Global Times reported statements by the National Development and Reform Commission Feb. 24, that large industrial companies are leading in resuming production: 90% of them have resumed production in Zhejiang, 70% in Guangdong, Jiangsu, Shandong and Liaoning. But small and medium-sized enterprises remain largely closed.

The Prime Minister’s “Li Keqiang Index” is widely known. It replaces GDP with electricity generation + rail car loadings + bank loans. Regarding electricity production — the most important parameter — consumption of coal by electric power plants is about 425,000 tons/day, compared to about 650,000 tons/day in 2019 at this period after the New Year. Railway loadings of coal at major ports are about 400,000 tons/day, compared to 550,000 tons/day in 2019 at this point. The electricity generation and use index for one industrial province, Zhejiang, is at 34.77, ten points higher than Feb. 9; however, it was 88.68 at this time last year.

But notably, bank lending is way up. According to data from the People’s Bank of China (PBOC) released Feb. 20 and reported by Reuters Feb. 22, banks extended a record 3.34 trillion yuan ($476.42 billion) in new yuan loans in January, triple the December level.

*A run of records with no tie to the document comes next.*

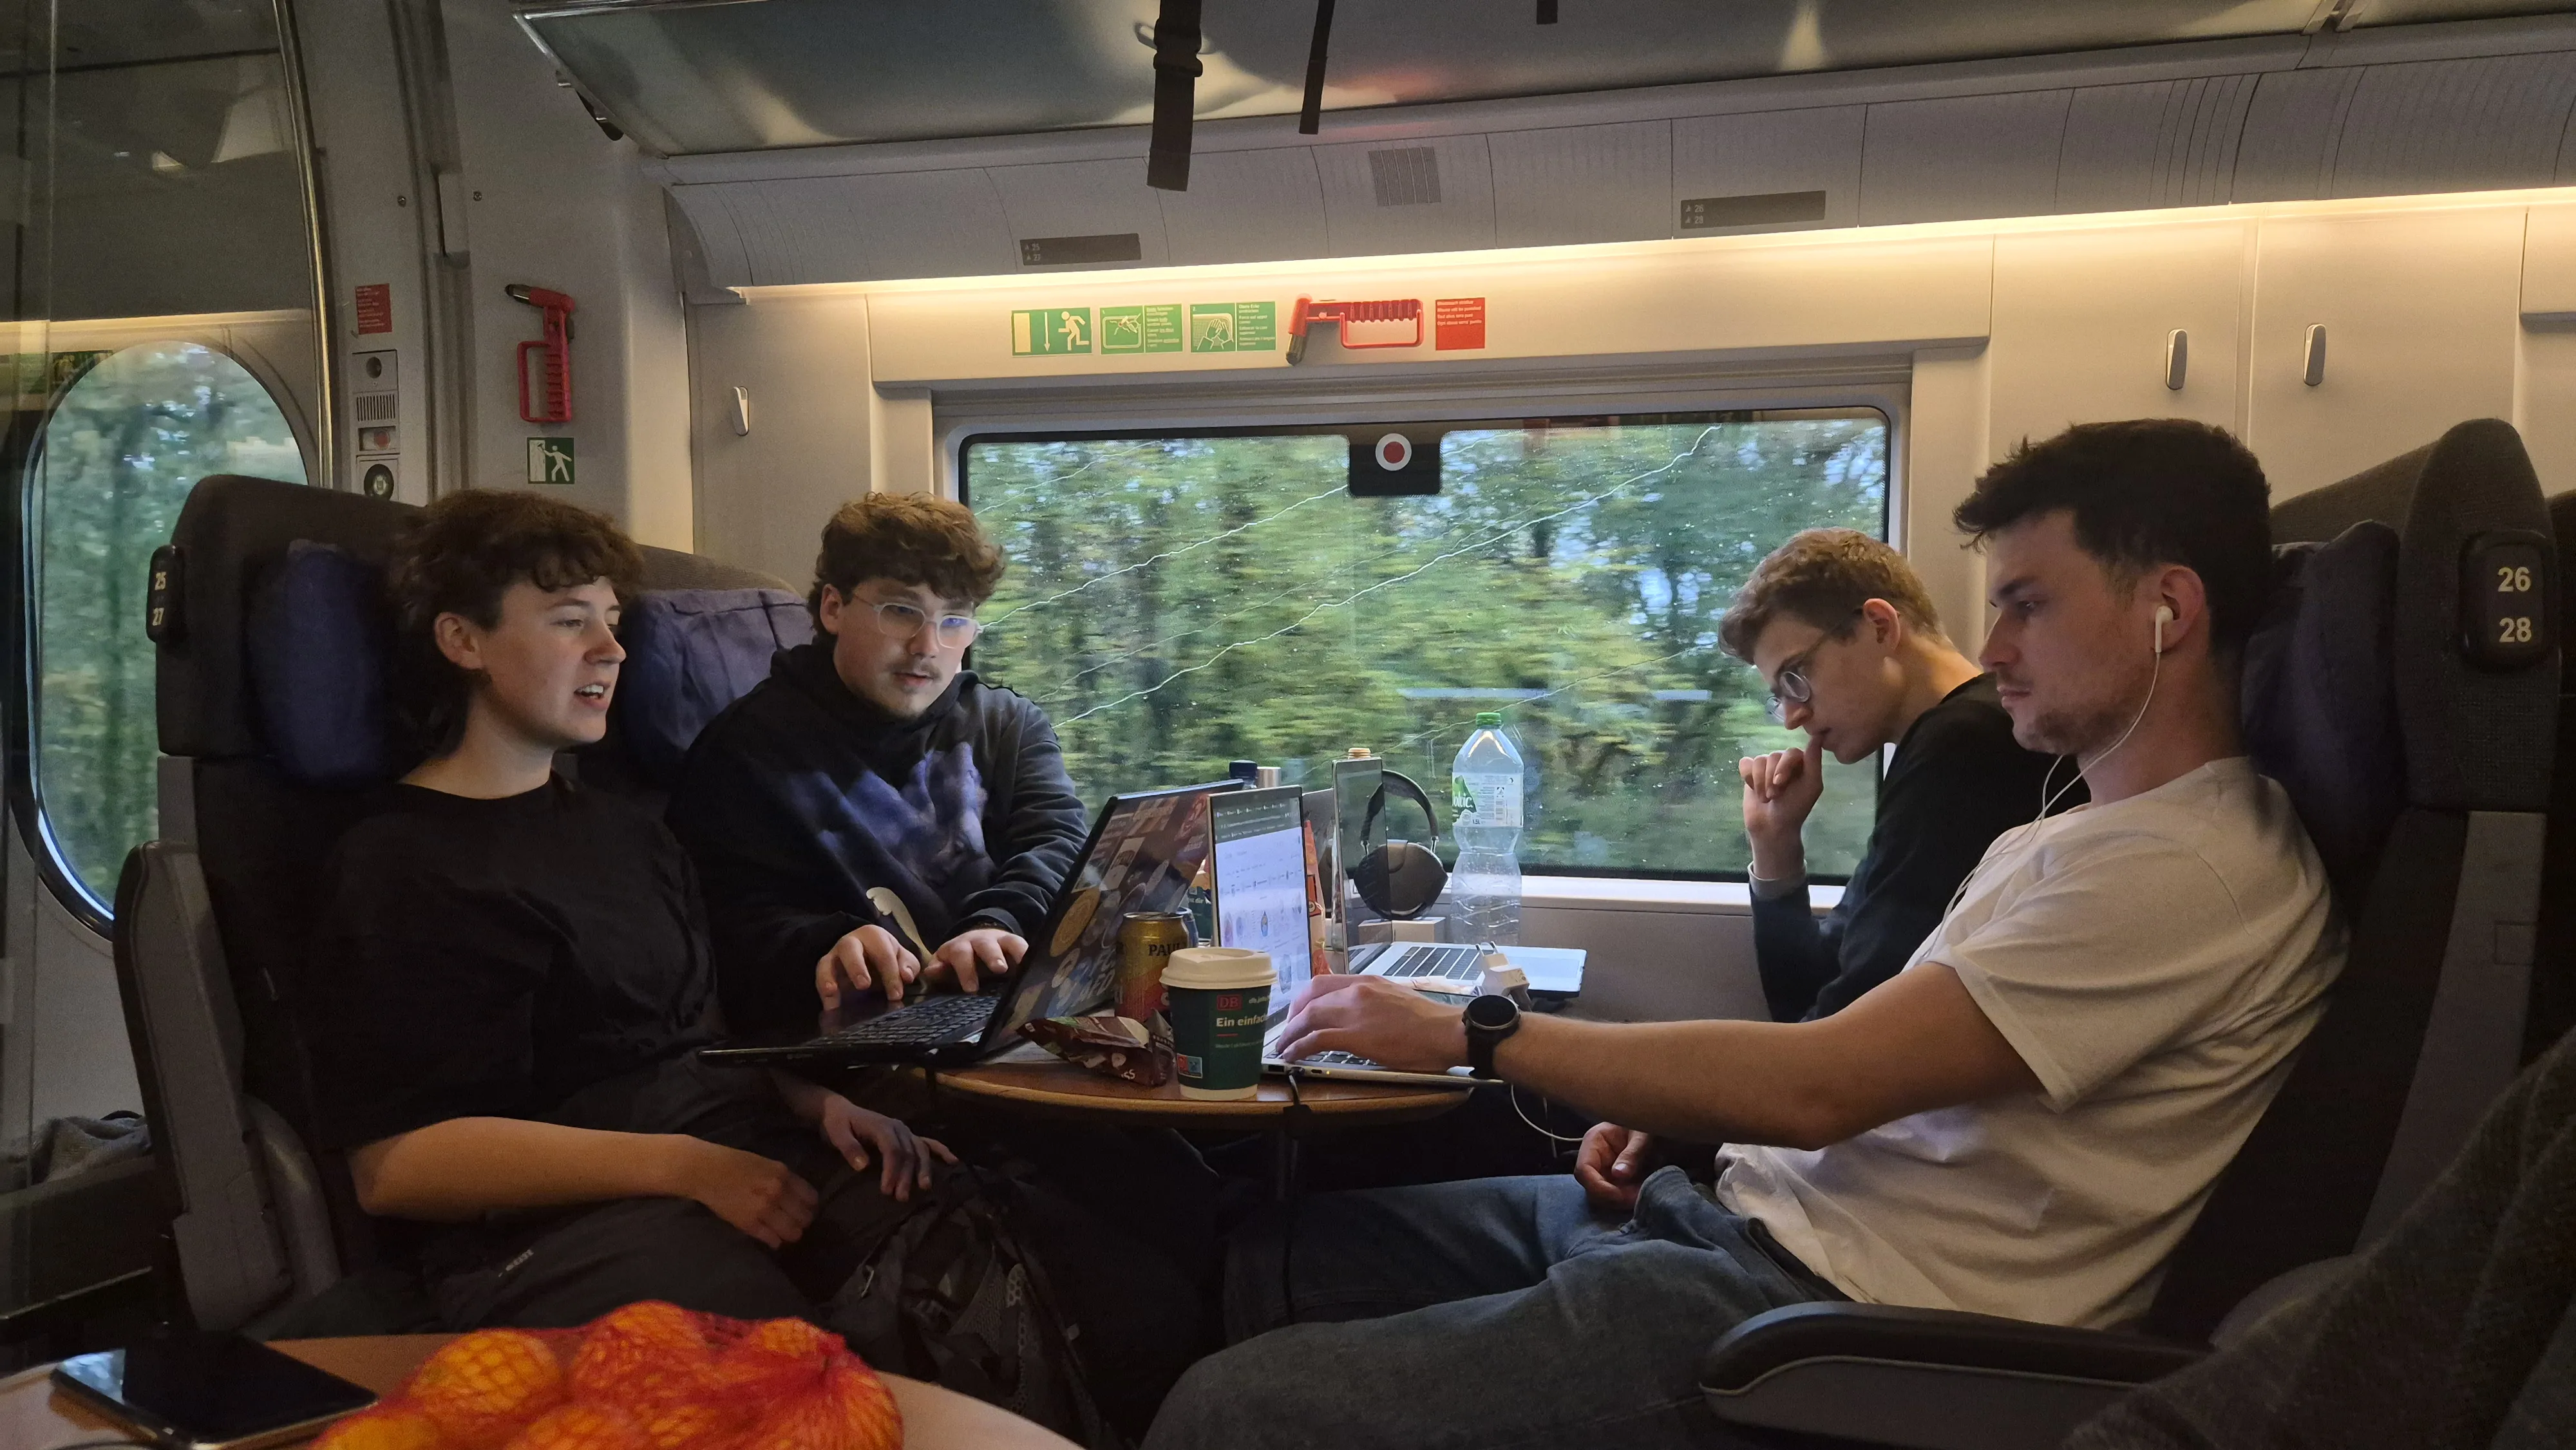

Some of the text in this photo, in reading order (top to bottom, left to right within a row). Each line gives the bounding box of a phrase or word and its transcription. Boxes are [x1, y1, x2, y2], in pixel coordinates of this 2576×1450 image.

[2497, 567, 2532, 592] 26
[2499, 617, 2532, 643] 28
[1148, 943, 1180, 956] PAU
[1219, 997, 1240, 1008] DB
[1216, 1017, 1235, 1027] Ein

Mortgages and other household loans fell slightly from December to January, but business lending quadrupled. This is PBoC policy, and it is funding discounting of these loans on an unprecedented scale.

Steel production figures are less up-to-date: They were only about one-third of normal at three weeks past the New Year, or one week ago.

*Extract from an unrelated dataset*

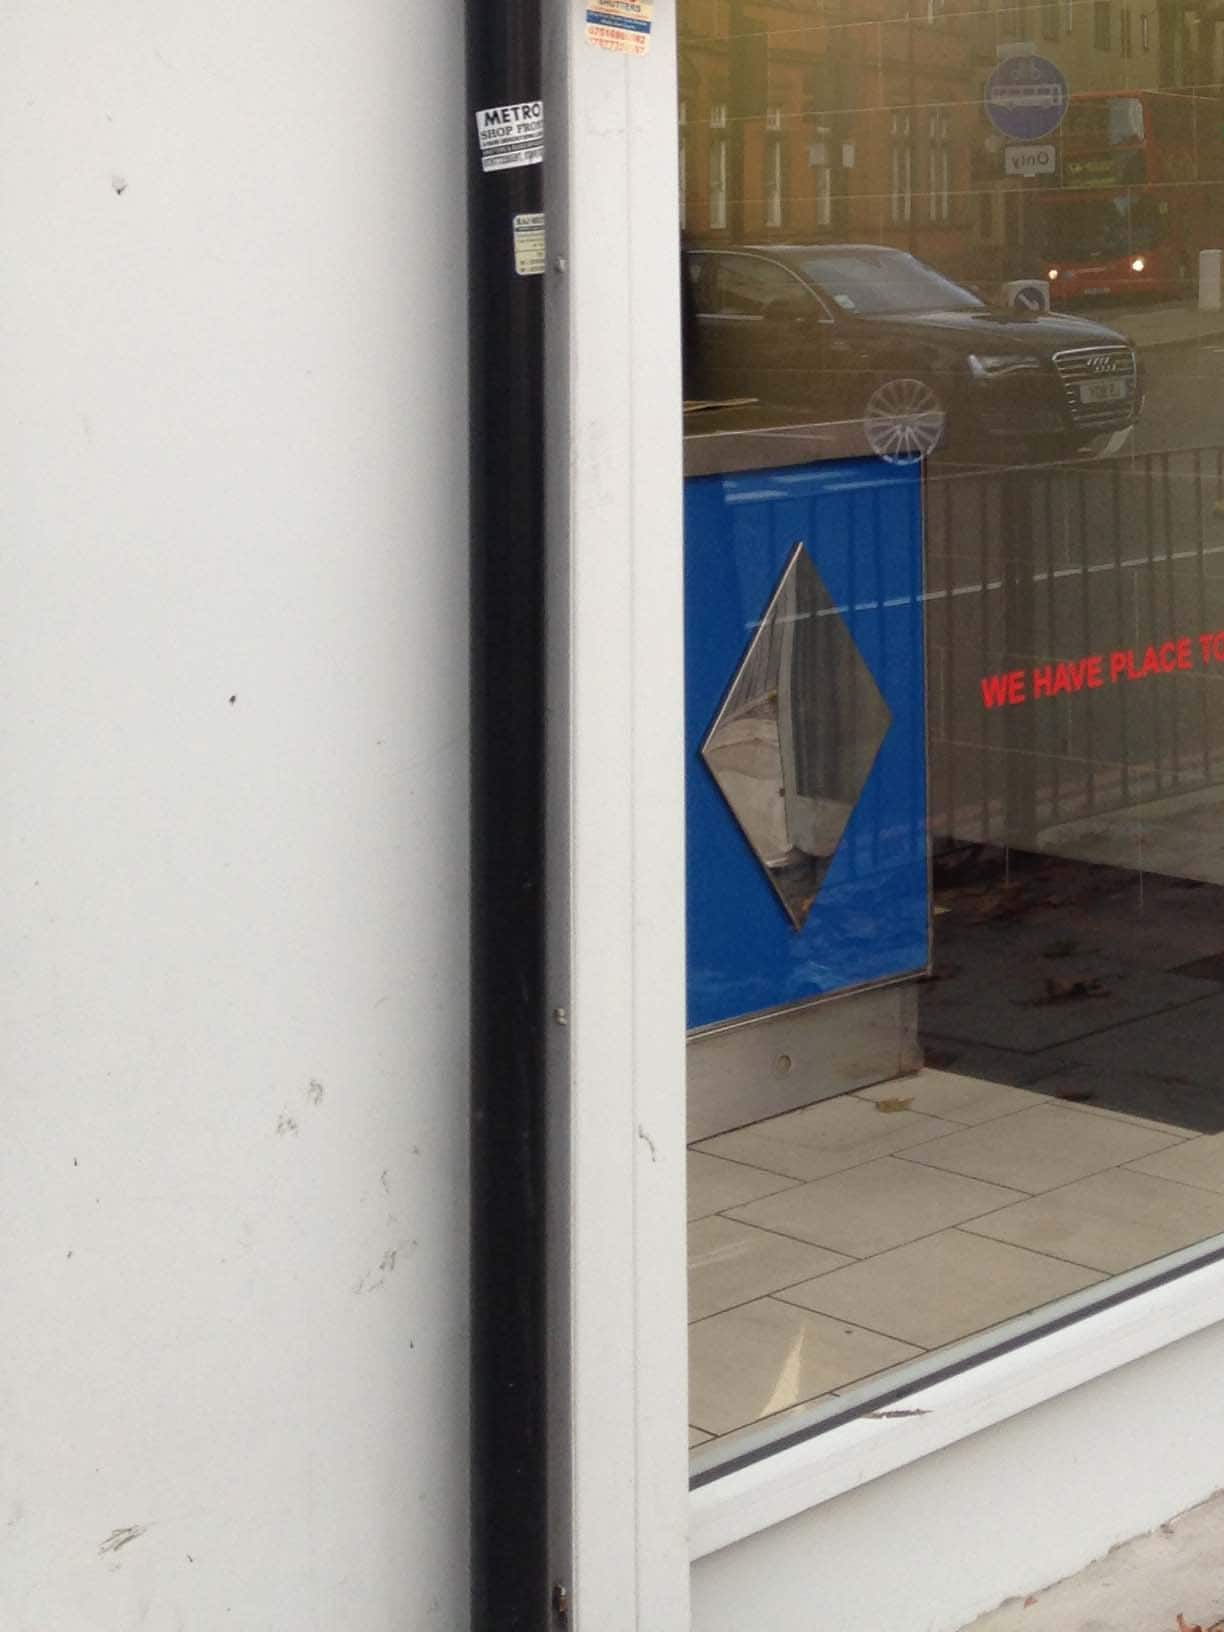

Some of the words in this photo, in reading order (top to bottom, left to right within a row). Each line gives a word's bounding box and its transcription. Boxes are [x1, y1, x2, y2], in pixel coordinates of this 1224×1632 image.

Railway passenger traffic is about 15 million persons/day, about one-fourth of normal. These figures are reported by Goldman Sachs Global Investment Research and by Reuters Feb. 24; they come from various sources. Only about one-fifth to one-third of workers who went to their hometowns before New Years, have returned to the cities they work in; some provinces are sending trains or even flights to bring them back.

China had been accounting for one-third of worldwide economic growth.

Beijing Issues Guidelines to Facilitate Work Resumption

On February 25, in Beijing a panel of government officials briefed the media on new centralized measures being undertaken to help businesses to resume production. One leading panelist was Tang Jun, Vice Minister of the State Ministry for Marketing Administration. He quoted Xi Jinping’s recent admonition that, there must be “coordinated action against the epidemic, but also, orderly resumption of work.”

A 10-point plan to help companies resume activity was discussed. Among the points were such measures as the issuance of permits for food producers; the pledge of government investigations to prevent monopolies; the issuance of licenses for producers, and altering the time period of issuing them, to help out businesses involved.